Home equity loans are basically the same thing as a second
mortgage. The bank or loan company lends you money up to an amount roughly
equal to the equity in your house. Equity is the difference between the market
value of your home and what you owe on it.
Following are cautions if you
decide to shop around for these home equity loans:
- Watch out for low introductory rates, especially on revolving credit lines.
Your home equity loan rate may start at 6 percent, but 4 months later increase to
12 percent. The loan rate may be variable, based on the prime rate in the
future. You have no way to predict future prime rates. Many variable
rate loans have no cap on how high the interest rate may go. As a general
rule, consumers should avoid loans without "caps" or with "caps" higher than they
can afford to pay, no matter how low the current rate.
- Watch out for mortgage points and closing costs that could total several hundred
dollars.
- Watch out for balloon payments. That means by a certain date a large sum of
money is due.
If you can't pay the balloon, you lose your home. This
is a huge risk to take.
- Also, beware of home equity loans packed with unnecessary or expensive life insurance,
property insurance, or credit insurance. Buying credit or disability insurance
cannot be made a condition of getting a home equity loan. Property insurance
can be required, but can always be purchased through your own insurance company,
often times for less money.
Don't accept ads at face value - always shop around for a line of credit.

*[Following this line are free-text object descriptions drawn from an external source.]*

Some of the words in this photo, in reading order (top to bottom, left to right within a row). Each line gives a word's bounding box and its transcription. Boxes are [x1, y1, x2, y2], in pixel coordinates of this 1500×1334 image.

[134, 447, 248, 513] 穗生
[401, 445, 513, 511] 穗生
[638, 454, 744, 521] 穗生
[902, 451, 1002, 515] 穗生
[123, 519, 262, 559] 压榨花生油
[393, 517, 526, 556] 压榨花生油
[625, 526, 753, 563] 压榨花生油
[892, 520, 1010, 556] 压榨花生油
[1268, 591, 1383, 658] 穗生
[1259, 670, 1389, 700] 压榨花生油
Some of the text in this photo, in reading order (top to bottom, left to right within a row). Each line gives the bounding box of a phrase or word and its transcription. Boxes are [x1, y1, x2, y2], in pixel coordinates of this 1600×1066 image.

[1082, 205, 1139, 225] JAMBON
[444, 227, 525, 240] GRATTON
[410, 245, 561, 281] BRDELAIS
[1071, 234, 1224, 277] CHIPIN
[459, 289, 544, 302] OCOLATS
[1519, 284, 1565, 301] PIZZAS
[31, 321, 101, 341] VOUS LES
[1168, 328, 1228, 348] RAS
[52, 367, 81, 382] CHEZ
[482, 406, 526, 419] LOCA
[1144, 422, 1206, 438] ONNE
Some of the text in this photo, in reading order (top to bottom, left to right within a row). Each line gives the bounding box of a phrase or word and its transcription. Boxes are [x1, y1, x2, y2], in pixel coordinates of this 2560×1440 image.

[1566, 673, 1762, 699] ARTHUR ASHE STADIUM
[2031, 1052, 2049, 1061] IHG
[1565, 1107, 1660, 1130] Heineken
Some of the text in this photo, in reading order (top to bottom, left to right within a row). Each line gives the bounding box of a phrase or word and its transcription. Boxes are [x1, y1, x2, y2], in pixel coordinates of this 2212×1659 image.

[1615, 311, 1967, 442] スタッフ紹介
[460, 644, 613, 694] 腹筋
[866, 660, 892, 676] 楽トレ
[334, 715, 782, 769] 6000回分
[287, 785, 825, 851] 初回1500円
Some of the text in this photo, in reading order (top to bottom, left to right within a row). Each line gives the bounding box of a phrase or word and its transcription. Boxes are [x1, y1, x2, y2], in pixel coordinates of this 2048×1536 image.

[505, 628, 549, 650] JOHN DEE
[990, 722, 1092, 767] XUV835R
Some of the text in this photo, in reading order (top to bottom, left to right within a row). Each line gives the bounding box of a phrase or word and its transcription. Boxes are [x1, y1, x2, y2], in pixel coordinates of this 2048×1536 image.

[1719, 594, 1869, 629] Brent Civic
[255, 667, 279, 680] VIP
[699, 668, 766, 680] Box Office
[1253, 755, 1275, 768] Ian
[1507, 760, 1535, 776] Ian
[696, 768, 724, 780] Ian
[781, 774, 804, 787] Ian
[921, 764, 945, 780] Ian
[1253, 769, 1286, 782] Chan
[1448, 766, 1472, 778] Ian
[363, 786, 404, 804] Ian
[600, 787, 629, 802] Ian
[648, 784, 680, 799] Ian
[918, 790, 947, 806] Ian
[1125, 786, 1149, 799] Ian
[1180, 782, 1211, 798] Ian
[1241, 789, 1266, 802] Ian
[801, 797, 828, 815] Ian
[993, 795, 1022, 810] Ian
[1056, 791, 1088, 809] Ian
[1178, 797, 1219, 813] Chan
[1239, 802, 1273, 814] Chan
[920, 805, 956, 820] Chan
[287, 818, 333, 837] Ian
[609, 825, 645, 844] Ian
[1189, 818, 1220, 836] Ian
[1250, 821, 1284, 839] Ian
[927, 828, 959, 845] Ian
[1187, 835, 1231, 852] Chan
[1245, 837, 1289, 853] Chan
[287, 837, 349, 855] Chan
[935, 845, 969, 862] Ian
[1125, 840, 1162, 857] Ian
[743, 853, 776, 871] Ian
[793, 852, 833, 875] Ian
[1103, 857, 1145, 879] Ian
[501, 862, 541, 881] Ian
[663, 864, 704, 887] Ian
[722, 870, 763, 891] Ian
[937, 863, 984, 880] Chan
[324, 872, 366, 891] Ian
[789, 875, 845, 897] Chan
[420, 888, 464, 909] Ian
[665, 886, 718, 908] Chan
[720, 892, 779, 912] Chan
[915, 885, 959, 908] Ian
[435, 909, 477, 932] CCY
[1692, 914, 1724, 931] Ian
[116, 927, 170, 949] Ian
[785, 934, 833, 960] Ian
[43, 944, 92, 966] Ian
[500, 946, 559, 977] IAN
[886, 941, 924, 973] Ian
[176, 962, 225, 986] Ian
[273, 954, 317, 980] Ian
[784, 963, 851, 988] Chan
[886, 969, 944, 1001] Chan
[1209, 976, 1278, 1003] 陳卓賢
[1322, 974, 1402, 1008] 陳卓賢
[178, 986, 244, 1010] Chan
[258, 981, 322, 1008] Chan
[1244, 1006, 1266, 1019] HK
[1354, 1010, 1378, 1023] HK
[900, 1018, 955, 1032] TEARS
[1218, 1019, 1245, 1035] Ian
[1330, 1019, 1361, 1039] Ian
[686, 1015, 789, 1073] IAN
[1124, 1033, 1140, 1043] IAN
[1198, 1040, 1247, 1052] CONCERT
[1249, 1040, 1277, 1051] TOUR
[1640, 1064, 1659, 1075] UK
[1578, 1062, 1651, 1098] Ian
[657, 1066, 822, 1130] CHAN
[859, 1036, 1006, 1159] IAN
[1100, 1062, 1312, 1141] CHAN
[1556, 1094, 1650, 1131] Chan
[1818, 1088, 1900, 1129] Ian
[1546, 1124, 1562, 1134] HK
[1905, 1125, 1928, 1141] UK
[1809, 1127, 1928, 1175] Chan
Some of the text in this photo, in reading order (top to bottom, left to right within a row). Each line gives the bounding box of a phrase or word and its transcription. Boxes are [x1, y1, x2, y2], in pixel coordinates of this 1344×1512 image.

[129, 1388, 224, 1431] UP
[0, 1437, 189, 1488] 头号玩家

There are many different types of refinancing products, rates and lenders.
Remember what's at risk with home equity loans -- your home.
Home Loan mortgages
The
best home mortgage is one you can afford
to finance for as long as you plan to remain in the home, that saves you the most
money. Affordability varies with the type of mortgage and the mortgage rate. Mortgage rates fluctuate daily, so it is important you are aware of a general
range of mortgage rates when you are looking to finance your home.
A reverse mortgage is a special type of
mortgage that is designed for people
who are 62 years of age or older, lets you tap into your home’s equity without having
to repay the debt for as long as you live there. Instead of making
monthly payments, you receive monthly payments. This is a great way
for senior citizens who are out of the work force to supplement their income each
month.
When should
I Refinance?
Mortgage refinancing makes sense if:
- Mortgage rates have lowered since obtaining your original home
loan.
- You wish to use the equity that's built up in your home.
- You wish to shorten your mortgage payment period.
- You have an adjustable rate mortgage (ARM) and you want to convert
it to a fixed rate mortgage.
An old myth was to only refinance if you could lower your interest rate by two percent.
This myth no longer exists with the wide range of refinancing options now available.
The focus needs to be on what your particular need is. After all, the interest
rate is only one component of the entire transaction.